A propósito do post que ontem aqui publiquei sobre o PCP, ocorreu-me que parte da tensão que ainda hoje se vive entre aquele partido e o Bloco de Esquerda encontra a sua justificação no conflito ideológico que, desde o início dos anos 60, se instalou na "esquerda da esquerda" portuguesa. E que, na realidade, nunca se apagou por completo, até aos dias de hoje.
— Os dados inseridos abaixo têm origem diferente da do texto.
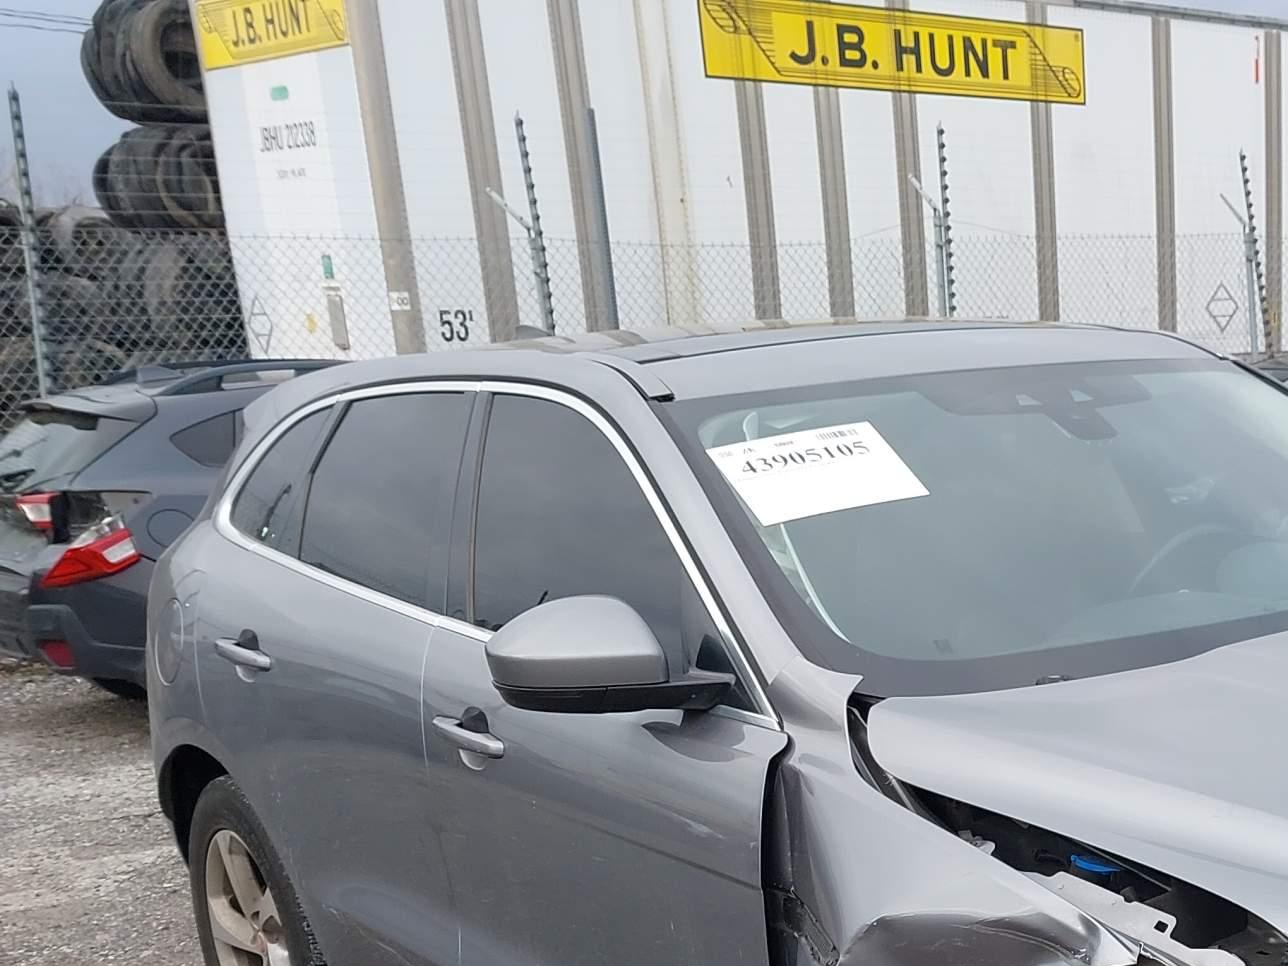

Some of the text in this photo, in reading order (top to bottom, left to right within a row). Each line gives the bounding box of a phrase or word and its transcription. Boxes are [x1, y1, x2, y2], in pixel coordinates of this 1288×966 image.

[232, 0, 312, 47] J.B. HUNT
[789, 20, 1017, 81] J.B. HUNT
[742, 440, 871, 474] 43905105
Não me proponho revisitar aqui a história da multiplicidade de tendências que surgiram, a partir de 1964, na extrema-esquerda portuguesa, numa cascata de organizações que tinham como ponto comum a diabolização do PCP e o apelo à "reconstrução" do "verdadeiro partido comunista". Mas vale a pena lembrar que esse longo e complexo tecido de organizações acaba, em grande parte, por convergir numa organização frentista que, logo em 1976, consegue eleger um deputado para a Assembleia Constituinte, a UDP - União Democrática Popular. A UDP, ou o que dela restava, acaba por ter um papel fundamental na criação do Bloco de Esquerda, em 2000.
Mas não esteve sozinha. Outro dos componentes do Bloco foram os trotskistas, nomeadamente os que eram oriundos do Partido Socialista Revolucionário.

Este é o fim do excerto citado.